Data excerpts
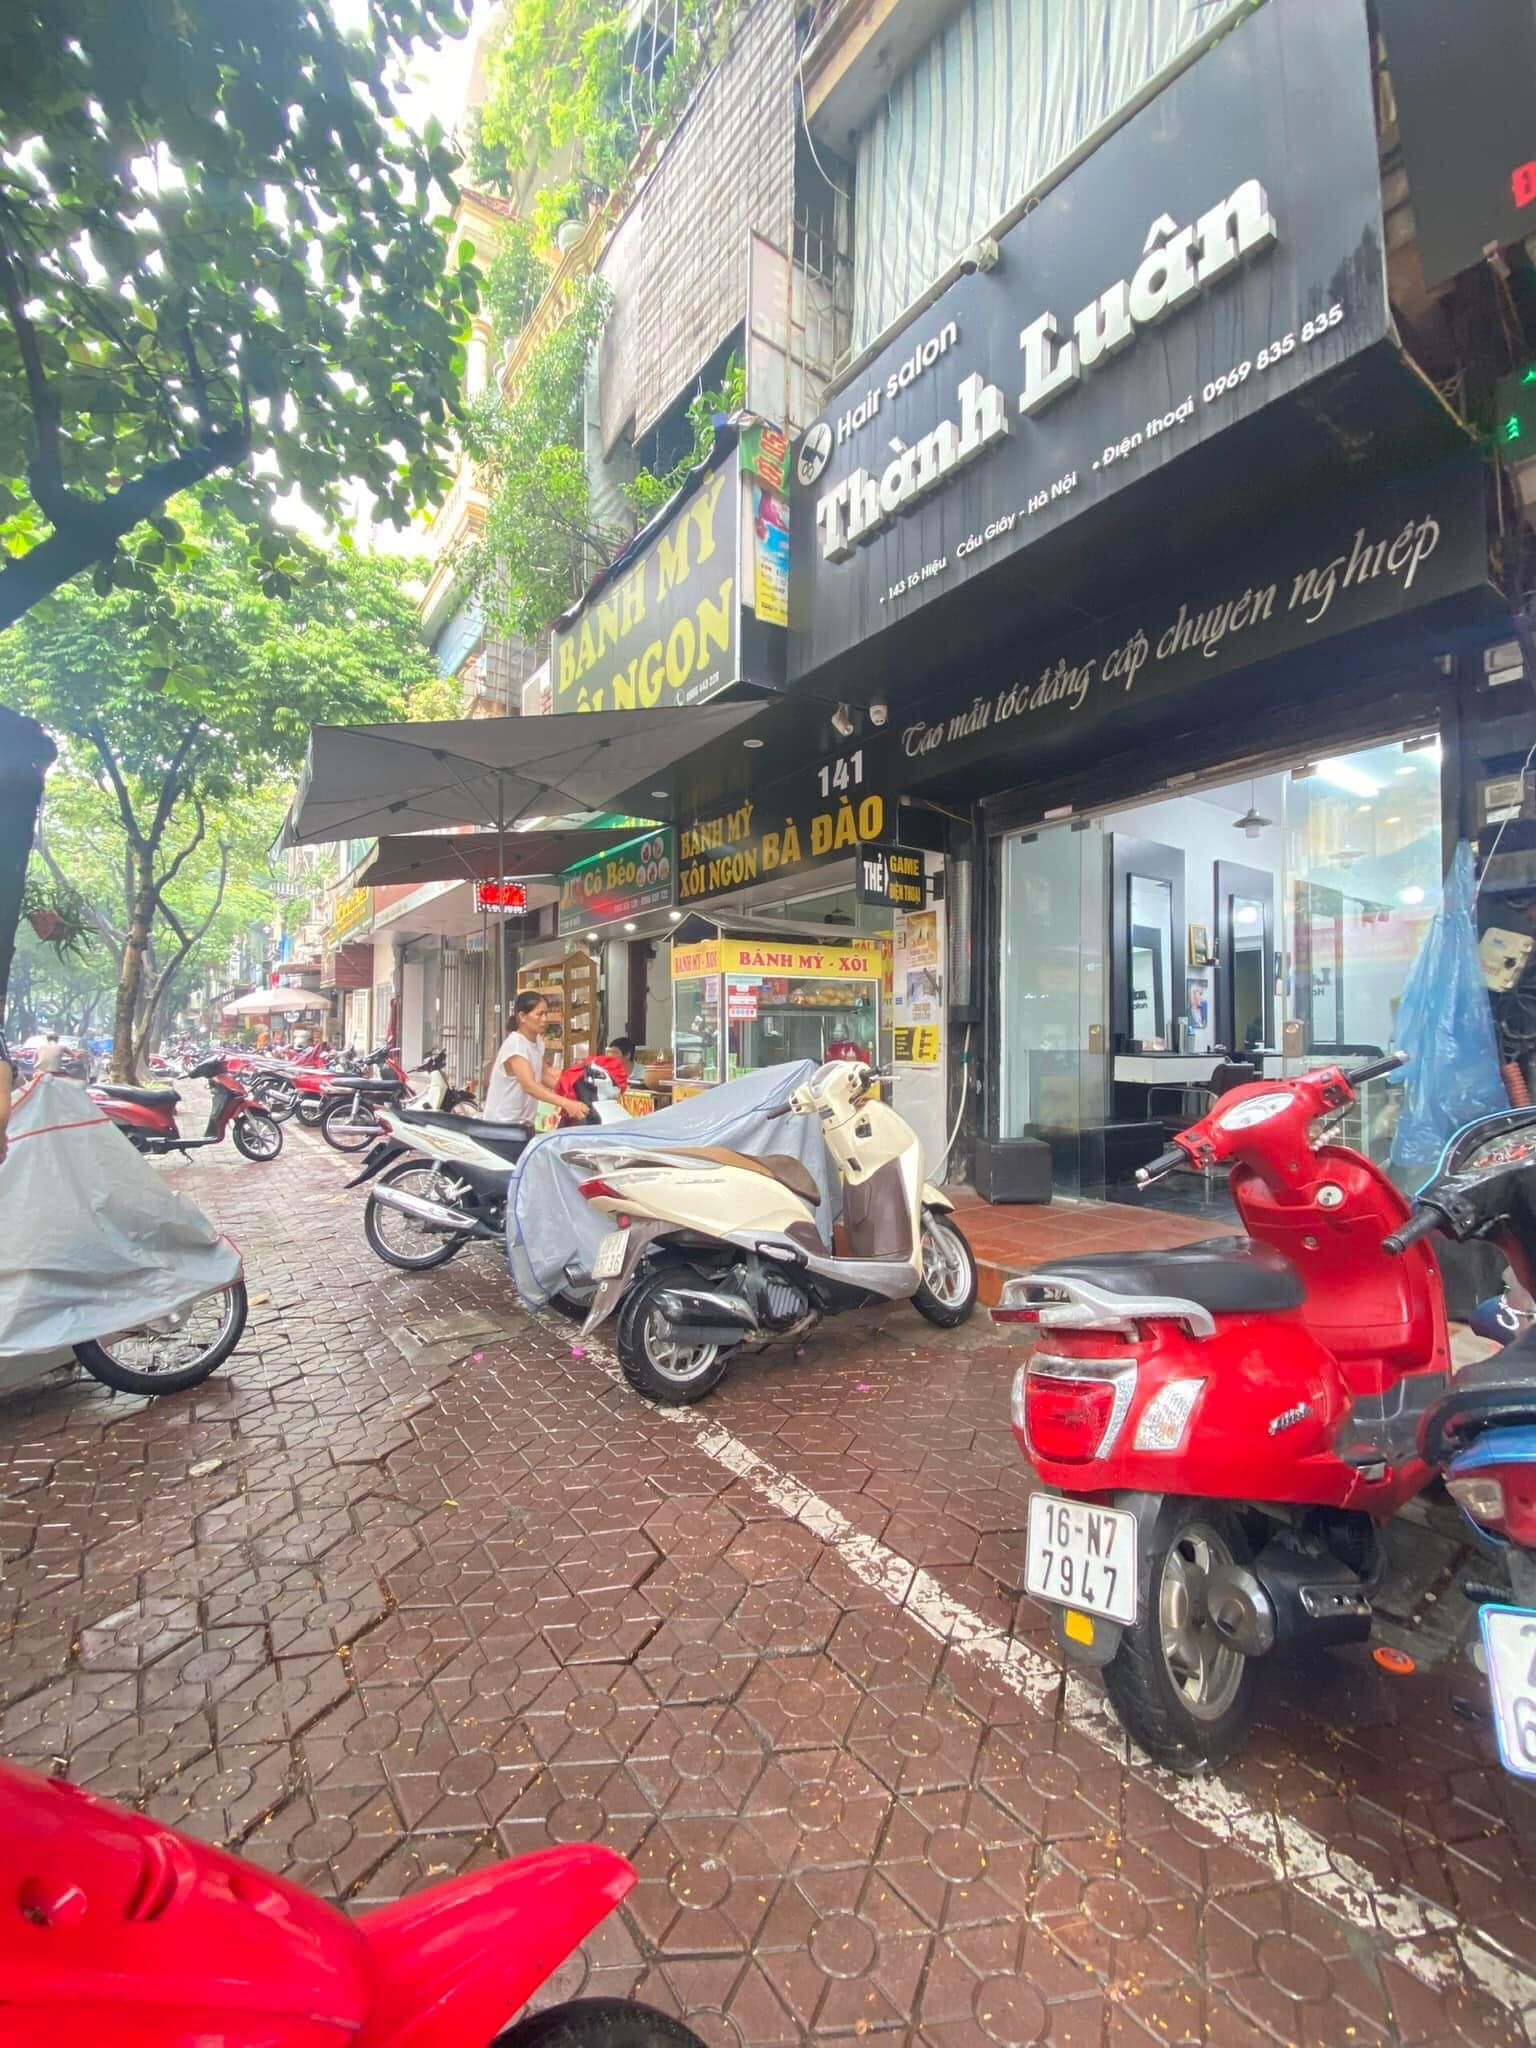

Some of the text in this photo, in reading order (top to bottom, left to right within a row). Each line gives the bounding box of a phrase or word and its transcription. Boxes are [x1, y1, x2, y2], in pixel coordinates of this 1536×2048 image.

[815, 178, 1278, 564] Thành Luân
[837, 320, 957, 444] Hair salon
[888, 580, 906, 600] 143
[1028, 490, 1050, 514] Hà
[1051, 471, 1078, 500] Nội
[1102, 432, 1143, 467] Điện
[1145, 395, 1195, 439] thoại
[1202, 361, 1251, 403] 0969
[1256, 333, 1296, 370] 835
[1301, 304, 1344, 342] 835
[1156, 584, 1278, 659] chuyên
[817, 749, 863, 798] 141
[680, 818, 724, 860] BÁNH
[761, 794, 884, 872] BÀ ĐÀO
[583, 867, 603, 897] Cô
[607, 857, 636, 891] Béo
[680, 847, 758, 898] XÔI NGON
[863, 852, 884, 892] THẺ
[889, 854, 921, 877] GAME
[739, 948, 793, 968] BÁNH
[838, 954, 869, 972] XÔI
[1045, 1503, 1118, 1560] 16-N7
[1041, 1548, 1118, 1610] 7947

-- WHAT YOU NEED TO DO --
Output every entry word for word, but omit the pictures.

-- REPLY TO THE EXERCISE --
Some of the text in this photo, in reading order (top to bottom, left to right within a row). Each line gives the bounding box of a phrase or word and its transcription. Boxes are [x1, y1, x2, y2], in pixel coordinates of this 1536×2048 image.

[815, 178, 1278, 564] Thành Luân
[837, 320, 957, 444] Hair salon
[888, 580, 906, 600] 143
[1028, 490, 1050, 514] Hà
[1051, 471, 1078, 500] Nội
[1102, 432, 1143, 467] Điện
[1145, 395, 1195, 439] thoại
[1202, 361, 1251, 403] 0969
[1256, 333, 1296, 370] 835
[1301, 304, 1344, 342] 835
[1156, 584, 1278, 659] chuyên
[817, 749, 863, 798] 141
[680, 818, 724, 860] BÁNH
[761, 794, 884, 872] BÀ ĐÀO
[583, 867, 603, 897] Cô
[607, 857, 636, 891] Béo
[680, 847, 758, 898] XÔI NGON
[863, 852, 884, 892] THẺ
[889, 854, 921, 877] GAME
[739, 948, 793, 968] BÁNH
[838, 954, 869, 972] XÔI
[1045, 1503, 1118, 1560] 16-N7
[1041, 1548, 1118, 1610] 7947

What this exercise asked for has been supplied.